Quercetin became a popular dietary supplement based on evidence indicating it guards against a wide range of common disorders. Regrettably, the poor absorption rate means that people taking conventional quercetin supplements can't translate the impressive roster of research findings into reality. However, when quercetin is transformed into a water-soluble form, its absorption in the gastrointestinal tract and bioavailability are dramatically improved. Water-soluble quercetin delivers the benefits of quercetin-the predominant flavonoid in the human diet-at a lower dosage through improved absorption. Water-soluble quercetin is safe and non-mutagenic according to the standard Ames test for mutagenicity.
The good news is that water-soluble quercetin has been added to two popular supplements already used by Life Extension members. This article reveals quercetin's distinct mechanisms of action that make it a critical component of a disease prevention program.

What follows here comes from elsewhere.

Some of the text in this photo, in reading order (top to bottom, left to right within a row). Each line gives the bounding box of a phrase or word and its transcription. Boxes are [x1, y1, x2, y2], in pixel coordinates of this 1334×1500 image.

The American Thrombosis Association estimates that five million to 20 million cases of blood clot related diseases occur in the United States each year. An abnormal blood clot, or thrombus, can form in arteries, veins or the heart. Not only can a thrombus prevent blood and oxygen from reaching tissues and vital organs, but it can also break off and travel through the blood stream to the heart, brain, lung or a distant blood vessel. A traveling clot, called an embolism, can cause ischemia, heart attack, stroke or pulmonary embolism. For example, a thrombus in the large blood vessels of the leg, called deep venous thrombosis, will often break off to form an embolus that drifts through the bloodstream and cuts off circulation downstream from the spot where it eventually lodges.

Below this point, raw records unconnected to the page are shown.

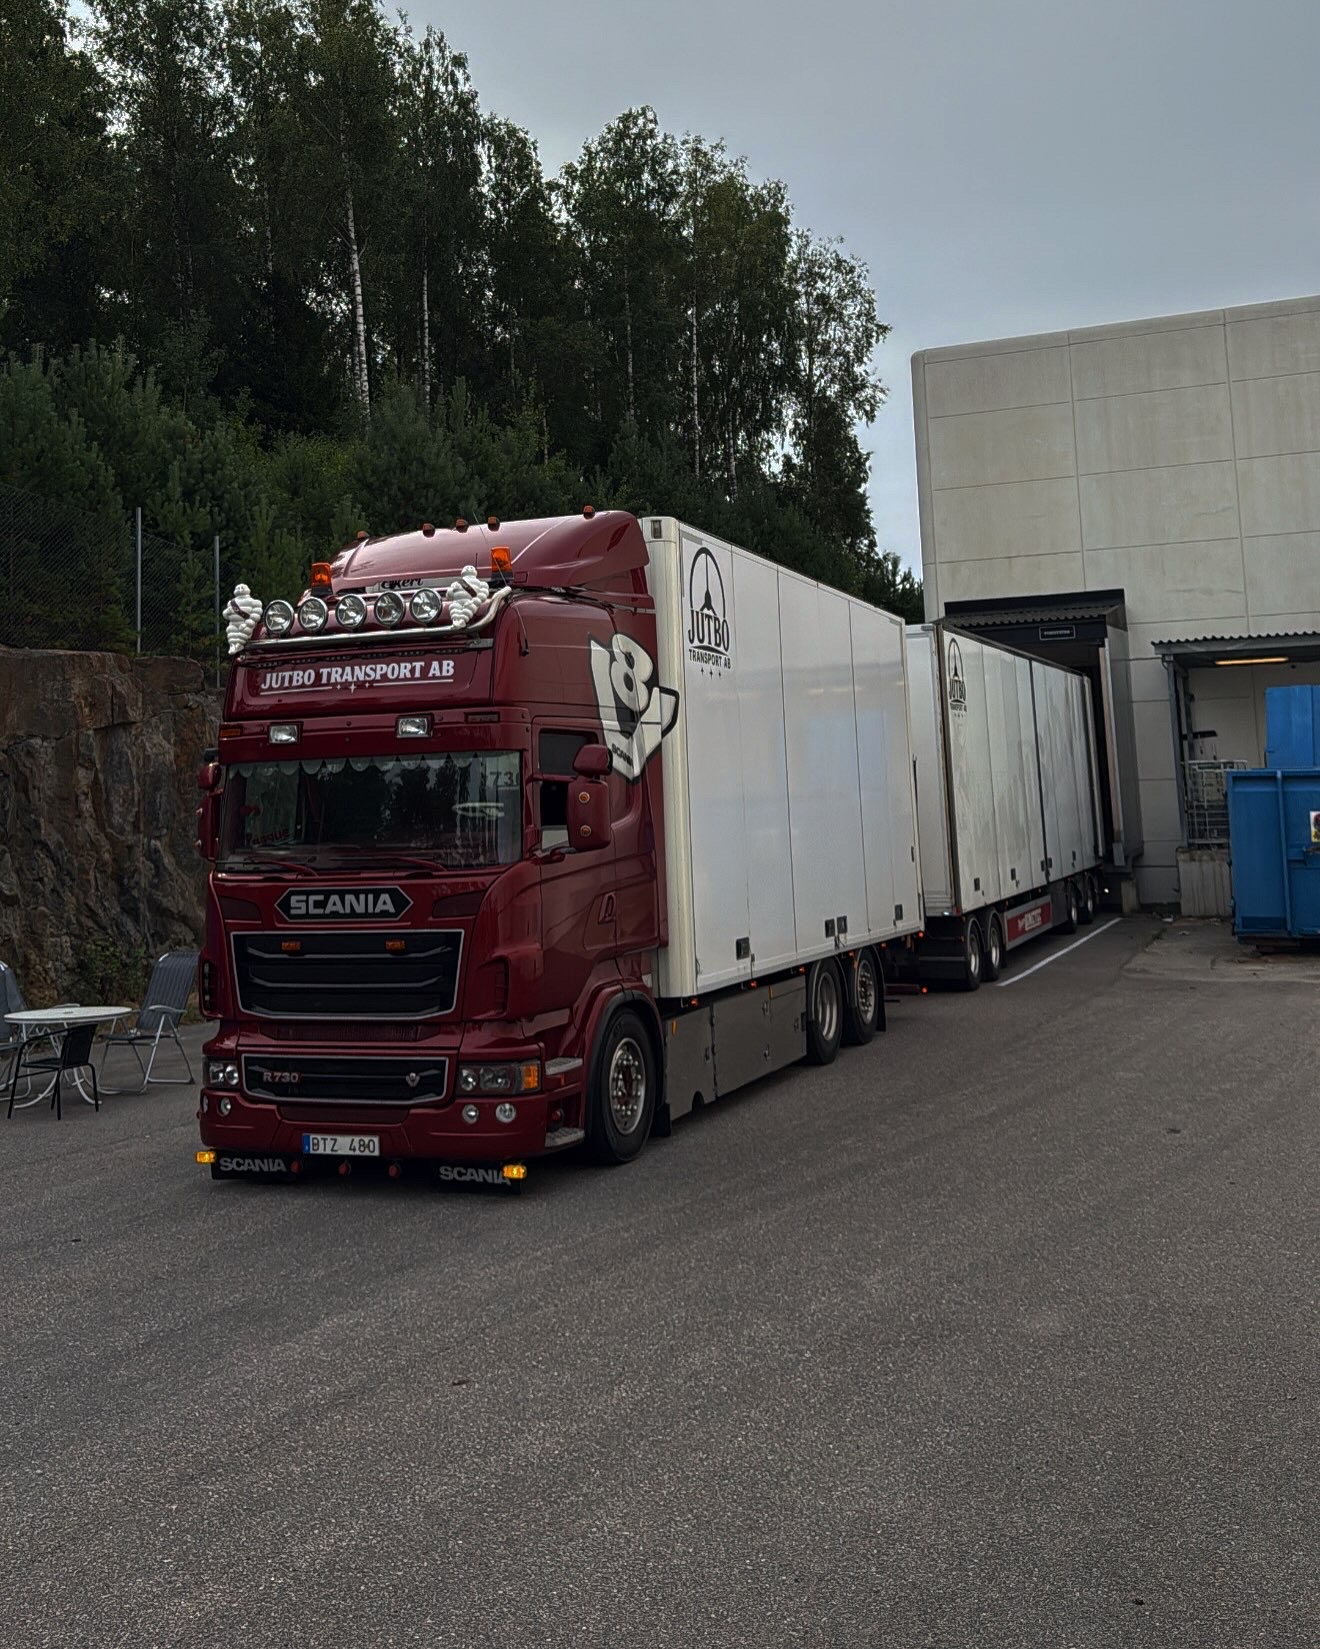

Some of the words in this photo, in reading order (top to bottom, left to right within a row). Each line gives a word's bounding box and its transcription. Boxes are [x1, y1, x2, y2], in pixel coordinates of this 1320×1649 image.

[688, 609, 730, 652] JUTBO
[688, 648, 722, 667] TRANSPORT
[723, 658, 731, 669] AB
[261, 669, 315, 689] JUTBO
[320, 661, 425, 683] TRANSPORT
[428, 660, 455, 677] AB
[290, 893, 396, 914] SCANIA
[263, 1072, 299, 1083] R730
[311, 1137, 338, 1152] BTZ
[348, 1138, 376, 1153] 480
[219, 1157, 287, 1172] SCANIA

Laboratory experiments suggest that a flavonoid called quercetin has the remarkable ability to prevent thrombus formation and to disperse thrombi that have already formed in blood vessels.
Laboratory experiments suggest that a flavonoid called quercetin has the remarkable ability to prevent thrombus formation and to disperse thrombi that have already formed in blood vessels. A thrombus (the plural is "thrombi") is an aggregation of platelets, fibrin and other blood factors, frequently causing obstruction of a blood vessel. Researchers demonstrated that a low concentration of quercetin suppressed thrombus deposits on collagen bathed in a stream of blood. The researchers also tested quercetin in a model used to study interactions between platelets and the endothelium (inner blood vessel wall). When the blood flowing over a piece of rabbit aorta contained a low concentration of quercetin, platelet thrombi dissolved.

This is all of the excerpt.